Life on Earth cannot happen without sunshine. In addition to all the fundamental reasons for which we need sunlight, the production of vitamin D in our bodies needs the sun rays to be triggered. If sunlight reaches our skins in only insufficient amounts, the risk for developing cancer might be greater, as indicated by a new study.
We need a little bit of mostly everything from our environment to survive, and that includes sunshine. We need enough of it to hit our skin to trigger the production of vitamin D, the deficiency of which comes with repercussions. A new study has added to the bulk of evidence suggesting that lack of sunshine leads to health problems. The researchers surveyed 96 000 people in Denmark for 4 decades, testing blood samples of theirs for vitamin D together with monitoring their diets, and found that those having the lowest vitamin D concentrations had a 40 % greater risk of having cancer.
Vitamin D is produced by the action of sunlight on the skin. It is also obtained from an adequate diet. The former accounts for four fifths of the vitamin D that we need, while the rest of the recommended dose comes from the food we consume. So, we obviously need sunshine.

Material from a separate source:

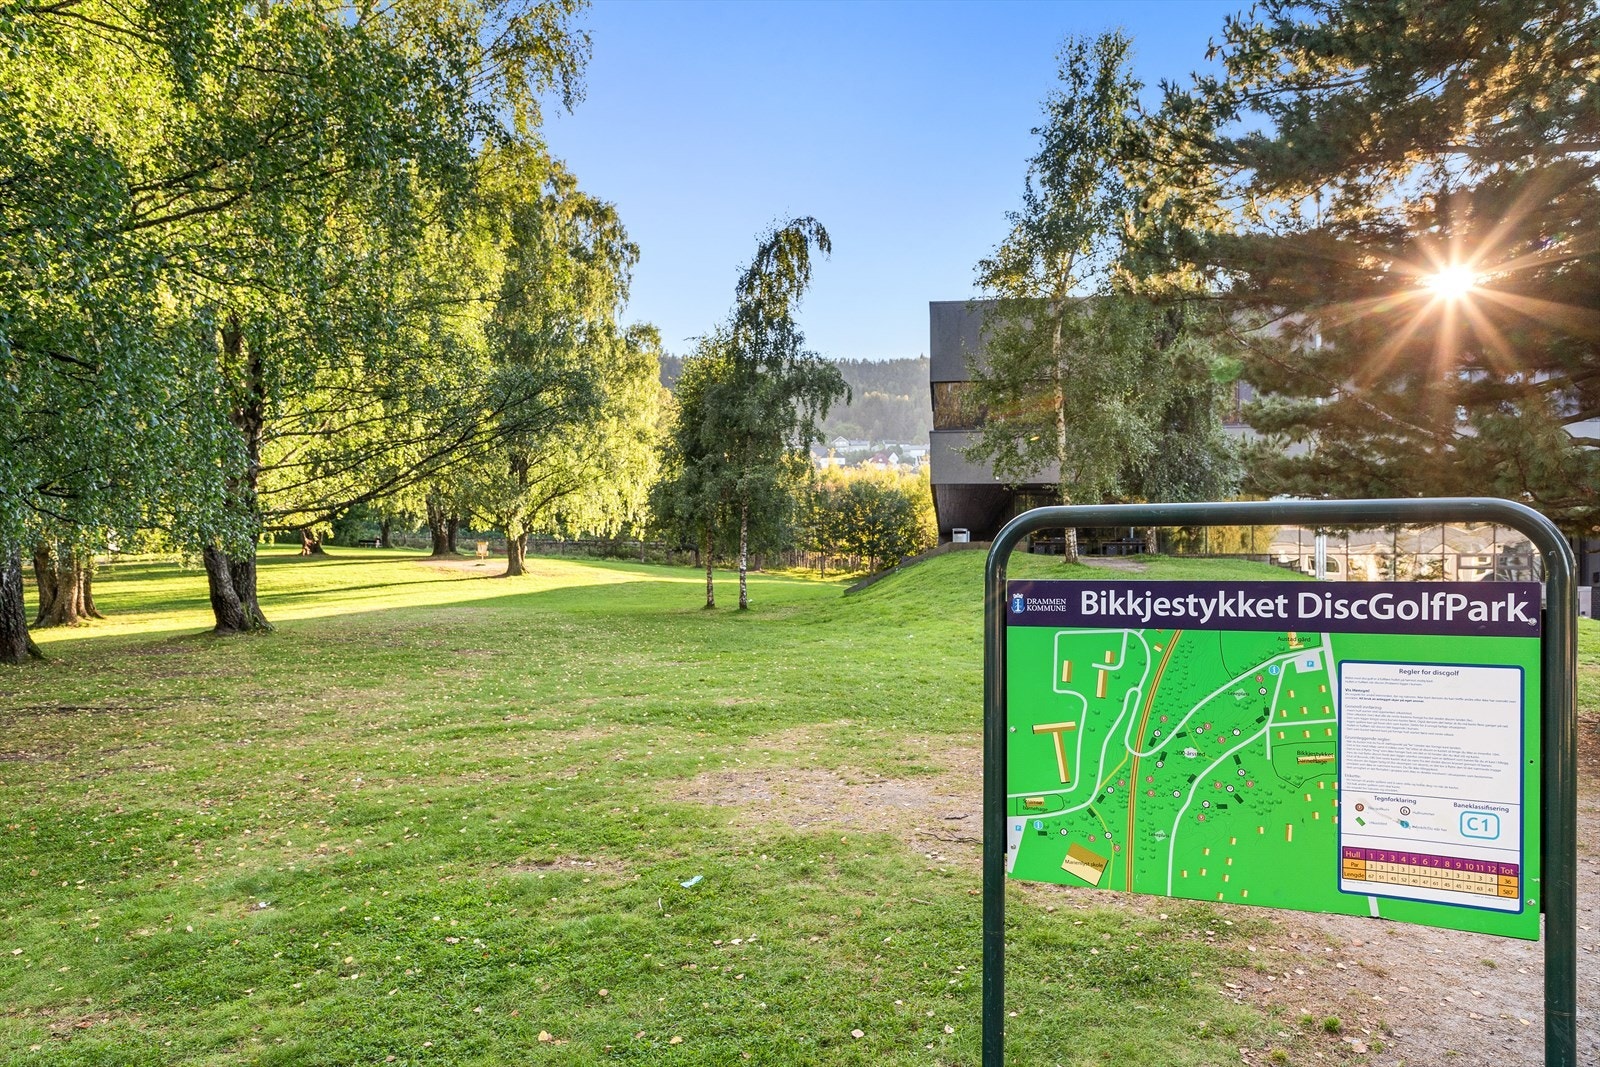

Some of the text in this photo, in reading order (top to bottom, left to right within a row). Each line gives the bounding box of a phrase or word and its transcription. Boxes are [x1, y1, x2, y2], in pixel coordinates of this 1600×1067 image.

However, people from the north of Europe might not be having enough of sunlight. They would need around 5 to 30 minutes of sunlight on their skin several times weekly to stimulate the production of vitamin D. But, during the colder months, from October to March, the sunlight that does flood the European skies is not deemed sufficient. Therefore, the people can only compensate for this lack by taking in more foods that supply them with the vitamin.
One of the authors of the study said: “Our study shows that low vitamin D levels do result in higher mortality rates, but the best way of increasing vitamin D levels in the population remains unclear. We still need to establish the amount of vitamin D to be added, as well as how and when it is most effective: Should we get vitamin D from the sun, through our diet or as vitamin supplements? And should it be added in the foetal stage via the mother, during childhood or when we have reached adulthood?”
This study marks the first time that evidence that a lack of vitamin D can lead to increase in mortality rates was gleaned.